Indeed, it’s critical to understand just how dangerous this six-month review period is. It was during the same study period under Clinton that the young president lost control of the debate as the religious right swept in with unsparing anti-gay attacks. Congress held feverish hearings which lured network television cameras to the bowls of Navy ships to hammer home just how intimate—and hence dangerous—berthing quarters were that might be shared with gay men. As the public considered openly gay service, the national conversation deteriorated. A retired Marine colonel called gay people “walking depositories of disease,” while the National Association of Evangelicals’ Commission on Chaplains told Congress that homosexuality was a “moral virus” that must be stopped. Rep. Robert Dornan of California used the congressional floor to explain that good troops would never take orders “from someone who likes taking it up the bum.” He added in a crude double-entendre that, “once it leaks out, they think this person is abnormal, perverted, and deviant from the norm.”

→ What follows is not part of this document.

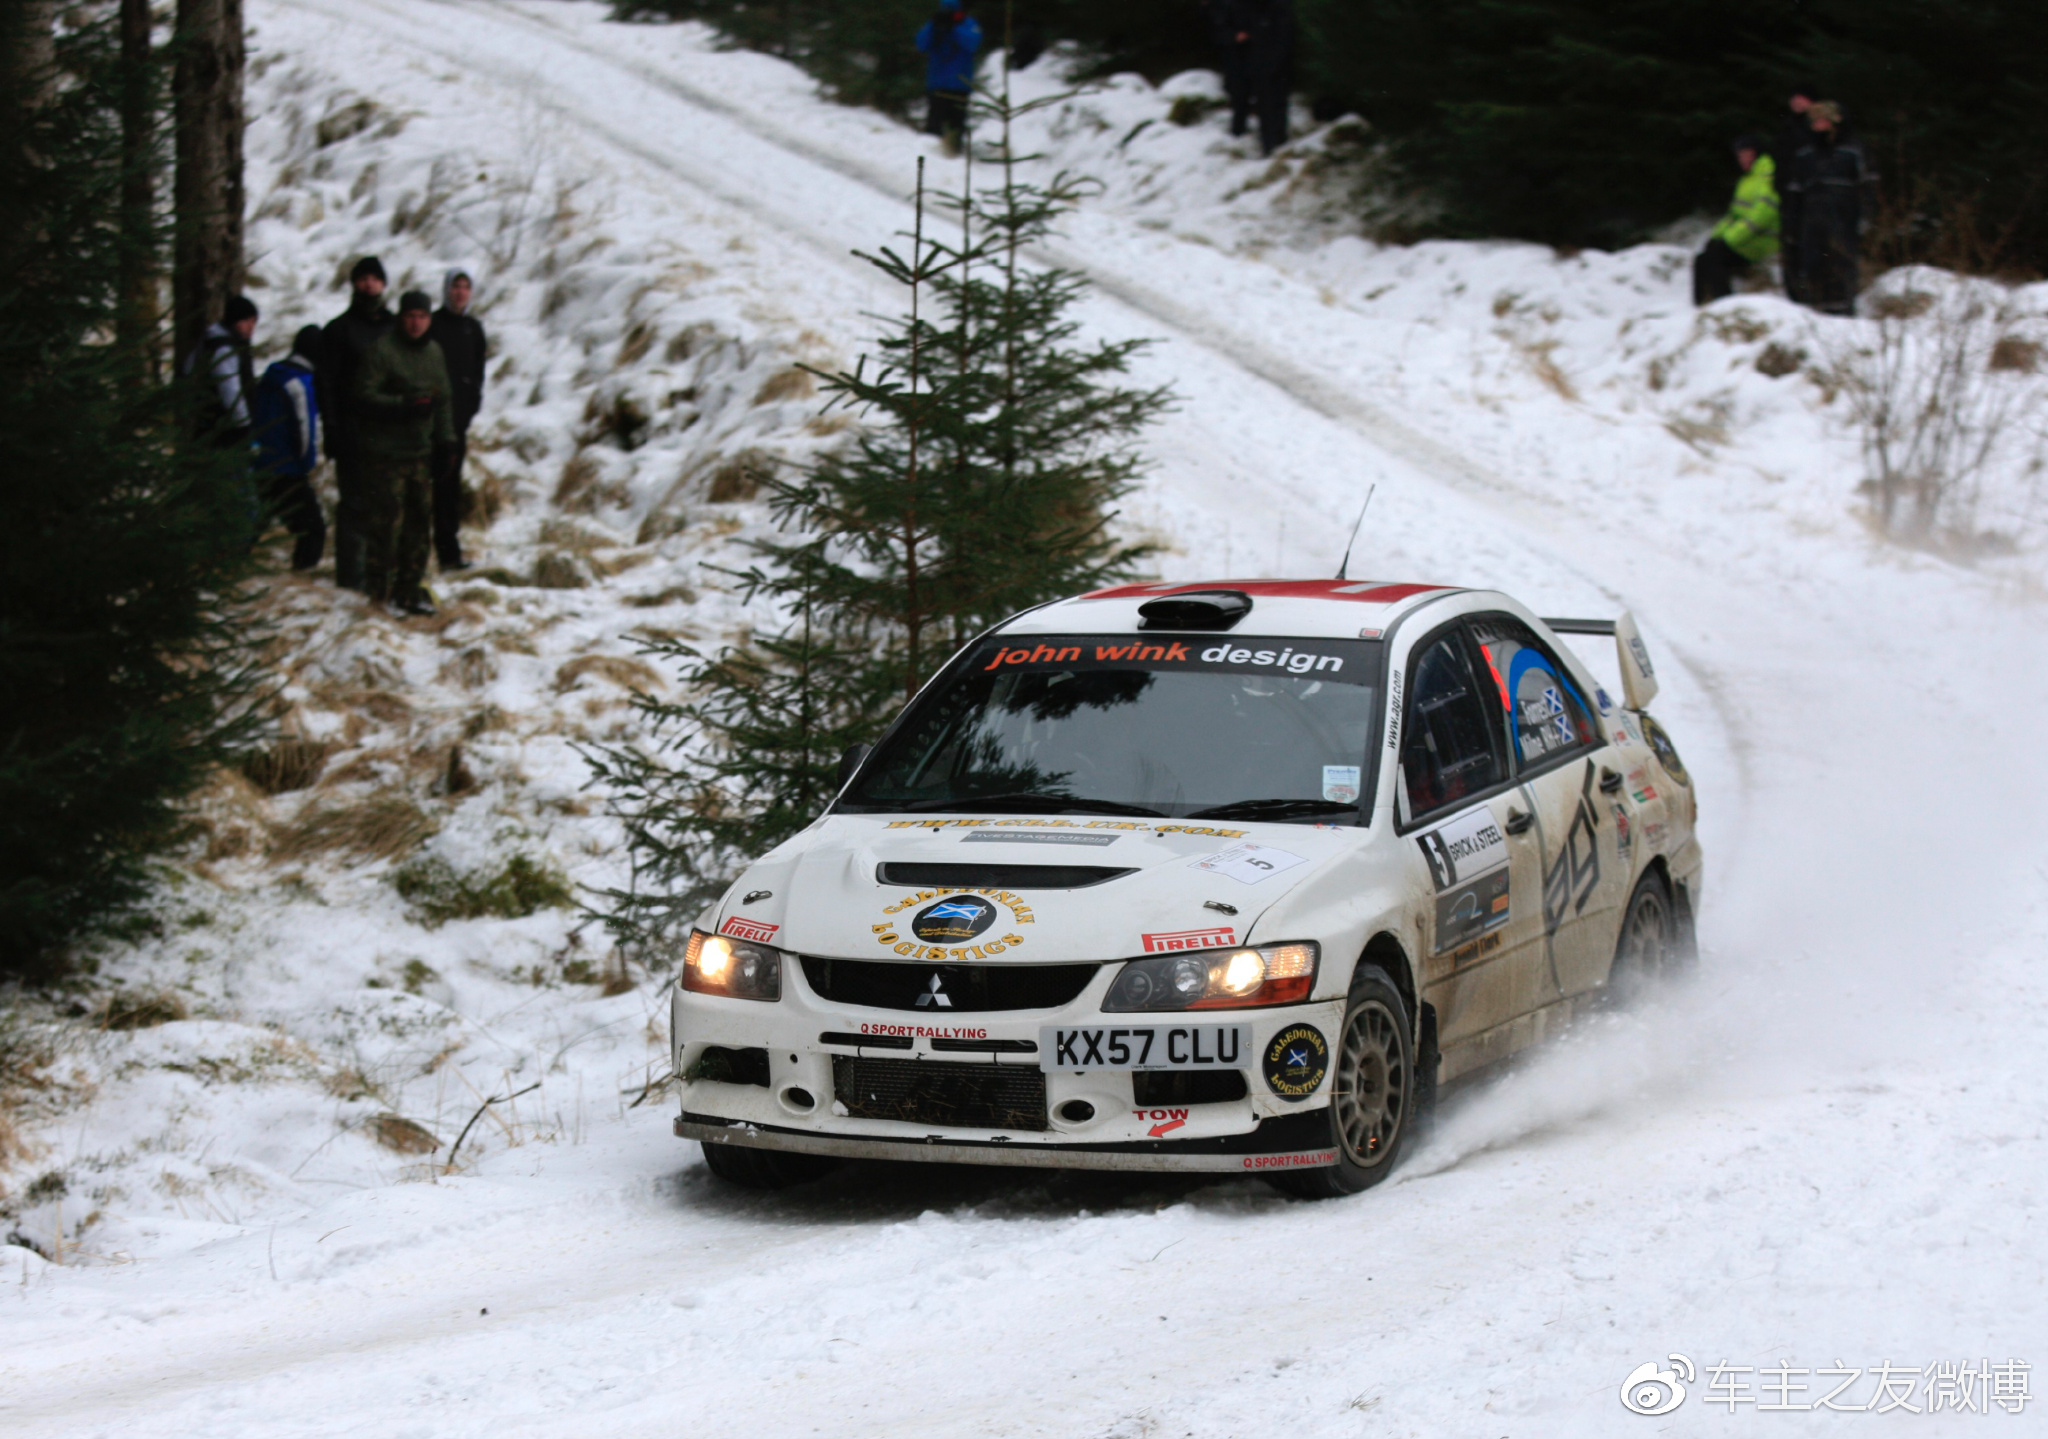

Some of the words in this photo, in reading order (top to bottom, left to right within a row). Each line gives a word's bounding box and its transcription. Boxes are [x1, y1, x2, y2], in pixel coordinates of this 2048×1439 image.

After the six months, public approval of openly gay service actually fell, driven down by the nasty myths being circulated during the national debate, which research suggests can, itself, have a harmful impact on the wellbeing of the minorities whose very dignity is being deliberated. After Washington switchboards were jammed to the point of shutting down by churchgoers heeding instructions by venomously anti-gay pastors and newsletters, the ban on openly gay service was written into federal statute in the infamous DADT.
While it’s possible that the current postponement of inclusive service is a good-faith (albeit ill-informed and unnecessary) effort to simply ensure that the services are prepared for full implementation, if history is any guide, champions of equality must be vigilant about the prospects for exploitation of this delay, which could easily become full derailment. In 2010, when Adm. Mike Mullen, then-chairman of the Joint Chiefs of Staff, called ending DADT a matter of “integrity,” we lived in a time when that word still meant something in the nation’s capital. Today, in a radically different world, we may be one step away from a DADT for transgender troops.